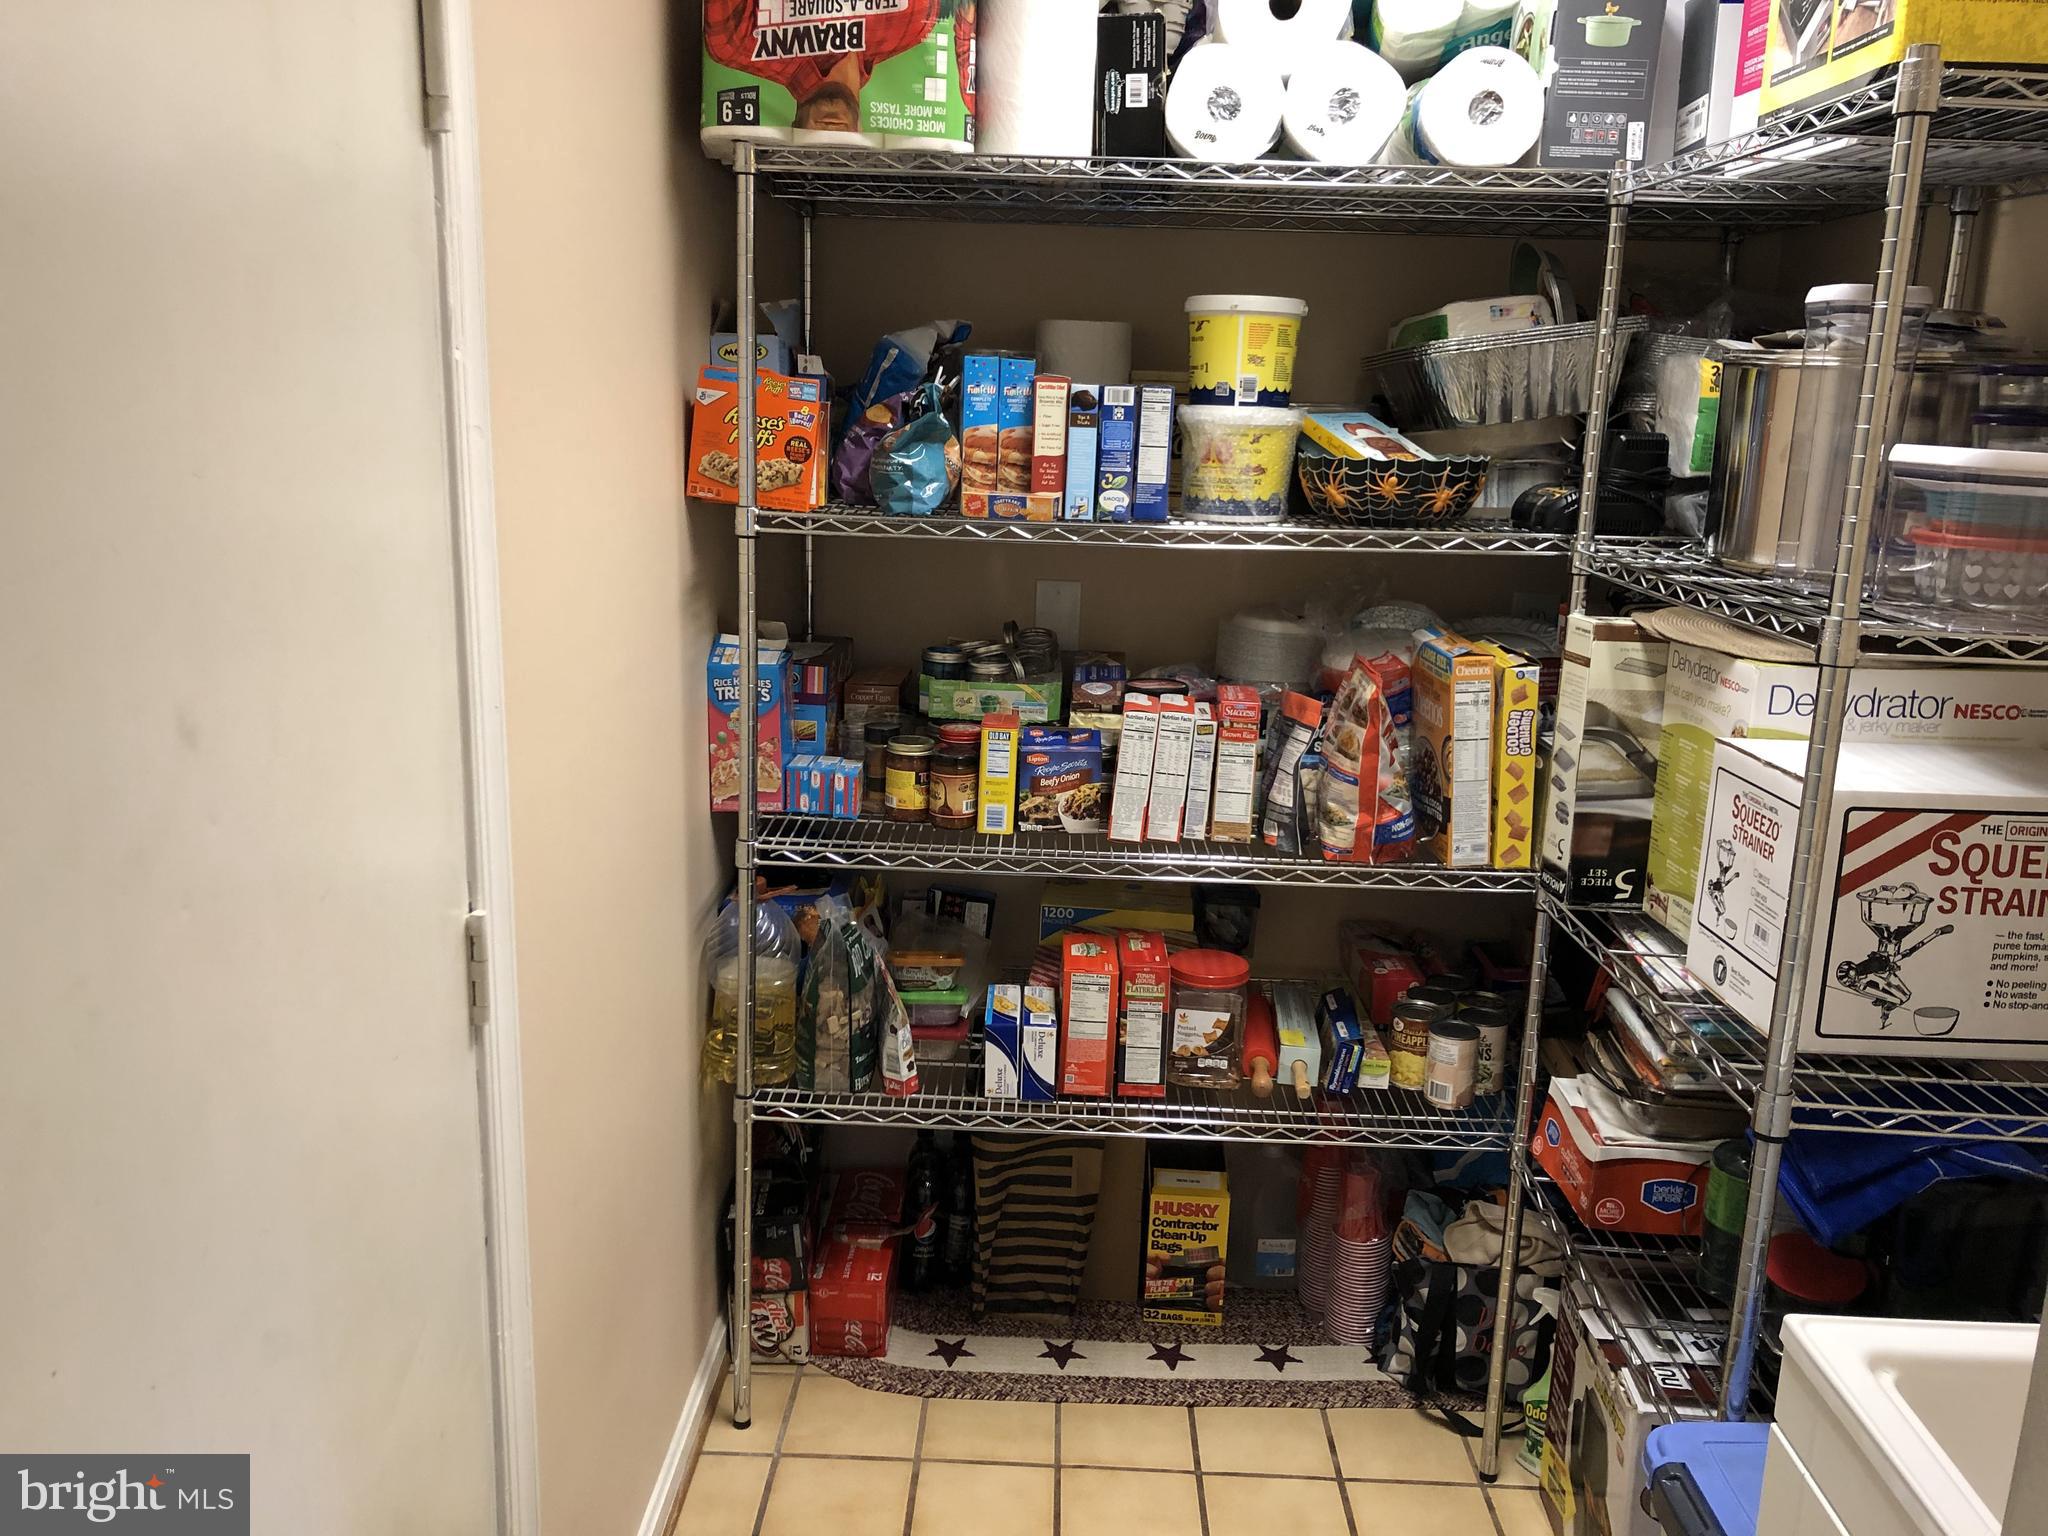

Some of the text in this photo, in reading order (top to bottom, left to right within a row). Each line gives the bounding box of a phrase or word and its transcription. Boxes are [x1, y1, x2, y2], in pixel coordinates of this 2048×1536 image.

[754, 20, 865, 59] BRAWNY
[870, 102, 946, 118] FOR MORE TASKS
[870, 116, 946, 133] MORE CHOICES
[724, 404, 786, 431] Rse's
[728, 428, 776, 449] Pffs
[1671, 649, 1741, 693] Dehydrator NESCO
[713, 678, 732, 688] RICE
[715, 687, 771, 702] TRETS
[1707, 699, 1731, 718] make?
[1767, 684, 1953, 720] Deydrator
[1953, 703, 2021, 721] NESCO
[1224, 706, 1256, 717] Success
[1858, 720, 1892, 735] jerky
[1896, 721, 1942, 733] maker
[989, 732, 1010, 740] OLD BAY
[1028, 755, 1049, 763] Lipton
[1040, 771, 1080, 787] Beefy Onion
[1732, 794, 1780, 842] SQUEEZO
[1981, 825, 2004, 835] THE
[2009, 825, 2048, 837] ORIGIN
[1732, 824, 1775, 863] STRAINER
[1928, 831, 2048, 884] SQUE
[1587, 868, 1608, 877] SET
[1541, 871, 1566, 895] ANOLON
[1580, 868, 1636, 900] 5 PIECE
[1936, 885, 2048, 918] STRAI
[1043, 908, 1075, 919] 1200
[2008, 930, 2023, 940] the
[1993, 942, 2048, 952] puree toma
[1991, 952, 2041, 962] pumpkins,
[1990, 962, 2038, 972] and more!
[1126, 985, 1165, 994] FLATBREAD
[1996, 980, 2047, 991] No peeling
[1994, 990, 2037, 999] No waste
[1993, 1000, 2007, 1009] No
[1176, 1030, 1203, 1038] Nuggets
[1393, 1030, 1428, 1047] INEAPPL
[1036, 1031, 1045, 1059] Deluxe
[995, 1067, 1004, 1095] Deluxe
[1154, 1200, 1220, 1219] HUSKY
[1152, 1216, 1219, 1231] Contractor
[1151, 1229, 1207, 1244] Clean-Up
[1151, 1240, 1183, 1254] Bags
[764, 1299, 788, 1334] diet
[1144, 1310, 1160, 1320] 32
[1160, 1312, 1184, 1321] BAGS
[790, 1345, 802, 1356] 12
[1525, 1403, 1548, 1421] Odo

Task to carry out: How many lines in the entries hold the word "NESCO"? Only the number is wanted.

Task solution: 2